• **Work request**: Every record must be copied exactly, from first line to last.

(Collected data)
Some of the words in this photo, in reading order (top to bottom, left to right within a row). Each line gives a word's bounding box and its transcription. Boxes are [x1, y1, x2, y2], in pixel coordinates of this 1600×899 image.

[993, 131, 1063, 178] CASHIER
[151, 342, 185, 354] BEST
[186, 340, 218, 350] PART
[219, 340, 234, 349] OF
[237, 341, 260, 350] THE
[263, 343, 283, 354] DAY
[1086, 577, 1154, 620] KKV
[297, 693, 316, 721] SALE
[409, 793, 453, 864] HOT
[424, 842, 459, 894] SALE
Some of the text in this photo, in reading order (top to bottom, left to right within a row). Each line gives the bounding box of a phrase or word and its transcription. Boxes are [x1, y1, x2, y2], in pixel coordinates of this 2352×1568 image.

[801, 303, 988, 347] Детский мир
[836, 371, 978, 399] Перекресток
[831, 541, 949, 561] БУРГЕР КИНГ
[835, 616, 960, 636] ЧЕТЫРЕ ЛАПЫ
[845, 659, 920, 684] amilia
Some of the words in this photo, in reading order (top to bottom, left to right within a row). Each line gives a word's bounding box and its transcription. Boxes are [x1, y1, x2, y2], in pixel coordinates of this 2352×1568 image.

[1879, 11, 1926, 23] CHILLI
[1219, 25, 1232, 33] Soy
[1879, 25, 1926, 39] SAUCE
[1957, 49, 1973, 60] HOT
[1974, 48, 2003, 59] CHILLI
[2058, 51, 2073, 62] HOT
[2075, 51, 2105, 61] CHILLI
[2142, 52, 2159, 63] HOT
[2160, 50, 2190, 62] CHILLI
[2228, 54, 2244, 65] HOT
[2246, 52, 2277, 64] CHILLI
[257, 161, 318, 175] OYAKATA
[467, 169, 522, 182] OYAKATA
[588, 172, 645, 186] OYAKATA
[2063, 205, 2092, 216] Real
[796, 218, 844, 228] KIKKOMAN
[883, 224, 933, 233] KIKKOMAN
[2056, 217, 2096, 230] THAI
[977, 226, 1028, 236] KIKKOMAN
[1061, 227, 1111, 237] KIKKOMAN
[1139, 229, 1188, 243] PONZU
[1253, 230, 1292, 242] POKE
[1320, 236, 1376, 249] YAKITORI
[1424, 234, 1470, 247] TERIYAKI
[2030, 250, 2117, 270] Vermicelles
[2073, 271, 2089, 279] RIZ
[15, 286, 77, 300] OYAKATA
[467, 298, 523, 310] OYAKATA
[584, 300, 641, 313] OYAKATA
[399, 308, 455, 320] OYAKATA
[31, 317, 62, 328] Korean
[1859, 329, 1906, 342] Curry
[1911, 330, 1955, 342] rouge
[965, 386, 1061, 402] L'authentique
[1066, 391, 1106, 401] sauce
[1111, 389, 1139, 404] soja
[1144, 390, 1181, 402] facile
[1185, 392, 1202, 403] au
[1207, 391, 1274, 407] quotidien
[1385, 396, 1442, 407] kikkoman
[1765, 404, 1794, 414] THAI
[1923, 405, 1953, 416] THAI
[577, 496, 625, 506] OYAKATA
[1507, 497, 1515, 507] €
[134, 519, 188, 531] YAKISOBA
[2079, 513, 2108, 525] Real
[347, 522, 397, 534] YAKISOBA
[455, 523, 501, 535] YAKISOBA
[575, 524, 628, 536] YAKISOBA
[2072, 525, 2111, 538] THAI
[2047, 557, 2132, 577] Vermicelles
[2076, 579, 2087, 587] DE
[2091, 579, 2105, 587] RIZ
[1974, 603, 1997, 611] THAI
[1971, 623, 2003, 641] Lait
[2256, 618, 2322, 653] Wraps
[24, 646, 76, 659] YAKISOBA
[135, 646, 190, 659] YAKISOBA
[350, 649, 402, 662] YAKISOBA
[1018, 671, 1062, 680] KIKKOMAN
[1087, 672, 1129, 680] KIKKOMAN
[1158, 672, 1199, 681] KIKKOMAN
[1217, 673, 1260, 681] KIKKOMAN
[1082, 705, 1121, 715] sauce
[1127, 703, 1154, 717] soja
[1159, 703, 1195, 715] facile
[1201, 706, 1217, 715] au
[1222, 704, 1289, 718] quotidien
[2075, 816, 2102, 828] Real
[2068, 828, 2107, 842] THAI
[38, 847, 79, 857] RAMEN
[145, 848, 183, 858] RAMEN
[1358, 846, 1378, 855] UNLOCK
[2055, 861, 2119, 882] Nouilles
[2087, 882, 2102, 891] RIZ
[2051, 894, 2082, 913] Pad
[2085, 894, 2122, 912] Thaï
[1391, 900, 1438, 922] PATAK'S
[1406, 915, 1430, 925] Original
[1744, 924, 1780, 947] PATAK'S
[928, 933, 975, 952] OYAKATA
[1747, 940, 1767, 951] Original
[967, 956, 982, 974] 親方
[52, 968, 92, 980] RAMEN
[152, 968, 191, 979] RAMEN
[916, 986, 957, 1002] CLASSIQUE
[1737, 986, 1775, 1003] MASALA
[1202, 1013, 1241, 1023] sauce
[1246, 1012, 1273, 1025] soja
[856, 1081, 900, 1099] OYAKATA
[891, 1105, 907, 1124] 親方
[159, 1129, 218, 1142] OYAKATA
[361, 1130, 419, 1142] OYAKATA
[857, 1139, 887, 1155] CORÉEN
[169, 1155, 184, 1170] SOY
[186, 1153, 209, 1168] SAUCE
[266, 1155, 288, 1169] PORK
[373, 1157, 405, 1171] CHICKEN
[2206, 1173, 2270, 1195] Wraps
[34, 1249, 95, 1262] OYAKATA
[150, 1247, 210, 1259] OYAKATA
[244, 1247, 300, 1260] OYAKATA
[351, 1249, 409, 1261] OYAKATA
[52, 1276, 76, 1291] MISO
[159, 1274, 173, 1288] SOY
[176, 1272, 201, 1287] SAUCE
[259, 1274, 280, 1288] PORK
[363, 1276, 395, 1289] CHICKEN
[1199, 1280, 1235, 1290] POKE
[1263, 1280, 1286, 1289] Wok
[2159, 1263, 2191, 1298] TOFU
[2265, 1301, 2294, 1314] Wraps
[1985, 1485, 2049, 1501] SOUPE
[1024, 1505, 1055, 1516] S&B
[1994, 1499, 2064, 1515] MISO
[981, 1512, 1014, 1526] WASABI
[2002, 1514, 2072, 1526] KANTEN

• **Completed exercise**:
Some of the words in this photo, in reading order (top to bottom, left to right within a row). Each line gives a word's bounding box and its transcription. Boxes are [x1, y1, x2, y2], in pixel coordinates of this 1600×899 image.

[993, 131, 1063, 178] CASHIER
[151, 342, 185, 354] BEST
[186, 340, 218, 350] PART
[219, 340, 234, 349] OF
[237, 341, 260, 350] THE
[263, 343, 283, 354] DAY
[1086, 577, 1154, 620] KKV
[297, 693, 316, 721] SALE
[409, 793, 453, 864] HOT
[424, 842, 459, 894] SALE
Some of the text in this photo, in reading order (top to bottom, left to right within a row). Each line gives the bounding box of a phrase or word and its transcription. Boxes are [x1, y1, x2, y2], in pixel coordinates of this 2352×1568 image.

[801, 303, 988, 347] Детский мир
[836, 371, 978, 399] Перекресток
[831, 541, 949, 561] БУРГЕР КИНГ
[835, 616, 960, 636] ЧЕТЫРЕ ЛАПЫ
[845, 659, 920, 684] amilia
Some of the words in this photo, in reading order (top to bottom, left to right within a row). Each line gives a word's bounding box and its transcription. Boxes are [x1, y1, x2, y2], in pixel coordinates of this 2352×1568 image.

[1879, 11, 1926, 23] CHILLI
[1219, 25, 1232, 33] Soy
[1879, 25, 1926, 39] SAUCE
[1957, 49, 1973, 60] HOT
[1974, 48, 2003, 59] CHILLI
[2058, 51, 2073, 62] HOT
[2075, 51, 2105, 61] CHILLI
[2142, 52, 2159, 63] HOT
[2160, 50, 2190, 62] CHILLI
[2228, 54, 2244, 65] HOT
[2246, 52, 2277, 64] CHILLI
[257, 161, 318, 175] OYAKATA
[467, 169, 522, 182] OYAKATA
[588, 172, 645, 186] OYAKATA
[2063, 205, 2092, 216] Real
[796, 218, 844, 228] KIKKOMAN
[883, 224, 933, 233] KIKKOMAN
[2056, 217, 2096, 230] THAI
[977, 226, 1028, 236] KIKKOMAN
[1061, 227, 1111, 237] KIKKOMAN
[1139, 229, 1188, 243] PONZU
[1253, 230, 1292, 242] POKE
[1320, 236, 1376, 249] YAKITORI
[1424, 234, 1470, 247] TERIYAKI
[2030, 250, 2117, 270] Vermicelles
[2073, 271, 2089, 279] RIZ
[15, 286, 77, 300] OYAKATA
[467, 298, 523, 310] OYAKATA
[584, 300, 641, 313] OYAKATA
[399, 308, 455, 320] OYAKATA
[31, 317, 62, 328] Korean
[1859, 329, 1906, 342] Curry
[1911, 330, 1955, 342] rouge
[965, 386, 1061, 402] L'authentique
[1066, 391, 1106, 401] sauce
[1111, 389, 1139, 404] soja
[1144, 390, 1181, 402] facile
[1185, 392, 1202, 403] au
[1207, 391, 1274, 407] quotidien
[1385, 396, 1442, 407] kikkoman
[1765, 404, 1794, 414] THAI
[1923, 405, 1953, 416] THAI
[577, 496, 625, 506] OYAKATA
[1507, 497, 1515, 507] €
[134, 519, 188, 531] YAKISOBA
[2079, 513, 2108, 525] Real
[347, 522, 397, 534] YAKISOBA
[455, 523, 501, 535] YAKISOBA
[575, 524, 628, 536] YAKISOBA
[2072, 525, 2111, 538] THAI
[2047, 557, 2132, 577] Vermicelles
[2076, 579, 2087, 587] DE
[2091, 579, 2105, 587] RIZ
[1974, 603, 1997, 611] THAI
[1971, 623, 2003, 641] Lait
[2256, 618, 2322, 653] Wraps
[24, 646, 76, 659] YAKISOBA
[135, 646, 190, 659] YAKISOBA
[350, 649, 402, 662] YAKISOBA
[1018, 671, 1062, 680] KIKKOMAN
[1087, 672, 1129, 680] KIKKOMAN
[1158, 672, 1199, 681] KIKKOMAN
[1217, 673, 1260, 681] KIKKOMAN
[1082, 705, 1121, 715] sauce
[1127, 703, 1154, 717] soja
[1159, 703, 1195, 715] facile
[1201, 706, 1217, 715] au
[1222, 704, 1289, 718] quotidien
[2075, 816, 2102, 828] Real
[2068, 828, 2107, 842] THAI
[38, 847, 79, 857] RAMEN
[145, 848, 183, 858] RAMEN
[1358, 846, 1378, 855] UNLOCK
[2055, 861, 2119, 882] Nouilles
[2087, 882, 2102, 891] RIZ
[2051, 894, 2082, 913] Pad
[2085, 894, 2122, 912] Thaï
[1391, 900, 1438, 922] PATAK'S
[1406, 915, 1430, 925] Original
[1744, 924, 1780, 947] PATAK'S
[928, 933, 975, 952] OYAKATA
[1747, 940, 1767, 951] Original
[967, 956, 982, 974] 親方
[52, 968, 92, 980] RAMEN
[152, 968, 191, 979] RAMEN
[916, 986, 957, 1002] CLASSIQUE
[1737, 986, 1775, 1003] MASALA
[1202, 1013, 1241, 1023] sauce
[1246, 1012, 1273, 1025] soja
[856, 1081, 900, 1099] OYAKATA
[891, 1105, 907, 1124] 親方
[159, 1129, 218, 1142] OYAKATA
[361, 1130, 419, 1142] OYAKATA
[857, 1139, 887, 1155] CORÉEN
[169, 1155, 184, 1170] SOY
[186, 1153, 209, 1168] SAUCE
[266, 1155, 288, 1169] PORK
[373, 1157, 405, 1171] CHICKEN
[2206, 1173, 2270, 1195] Wraps
[34, 1249, 95, 1262] OYAKATA
[150, 1247, 210, 1259] OYAKATA
[244, 1247, 300, 1260] OYAKATA
[351, 1249, 409, 1261] OYAKATA
[52, 1276, 76, 1291] MISO
[159, 1274, 173, 1288] SOY
[176, 1272, 201, 1287] SAUCE
[259, 1274, 280, 1288] PORK
[363, 1276, 395, 1289] CHICKEN
[1199, 1280, 1235, 1290] POKE
[1263, 1280, 1286, 1289] Wok
[2159, 1263, 2191, 1298] TOFU
[2265, 1301, 2294, 1314] Wraps
[1985, 1485, 2049, 1501] SOUPE
[1024, 1505, 1055, 1516] S&B
[1994, 1499, 2064, 1515] MISO
[981, 1512, 1014, 1526] WASABI
[2002, 1514, 2072, 1526] KANTEN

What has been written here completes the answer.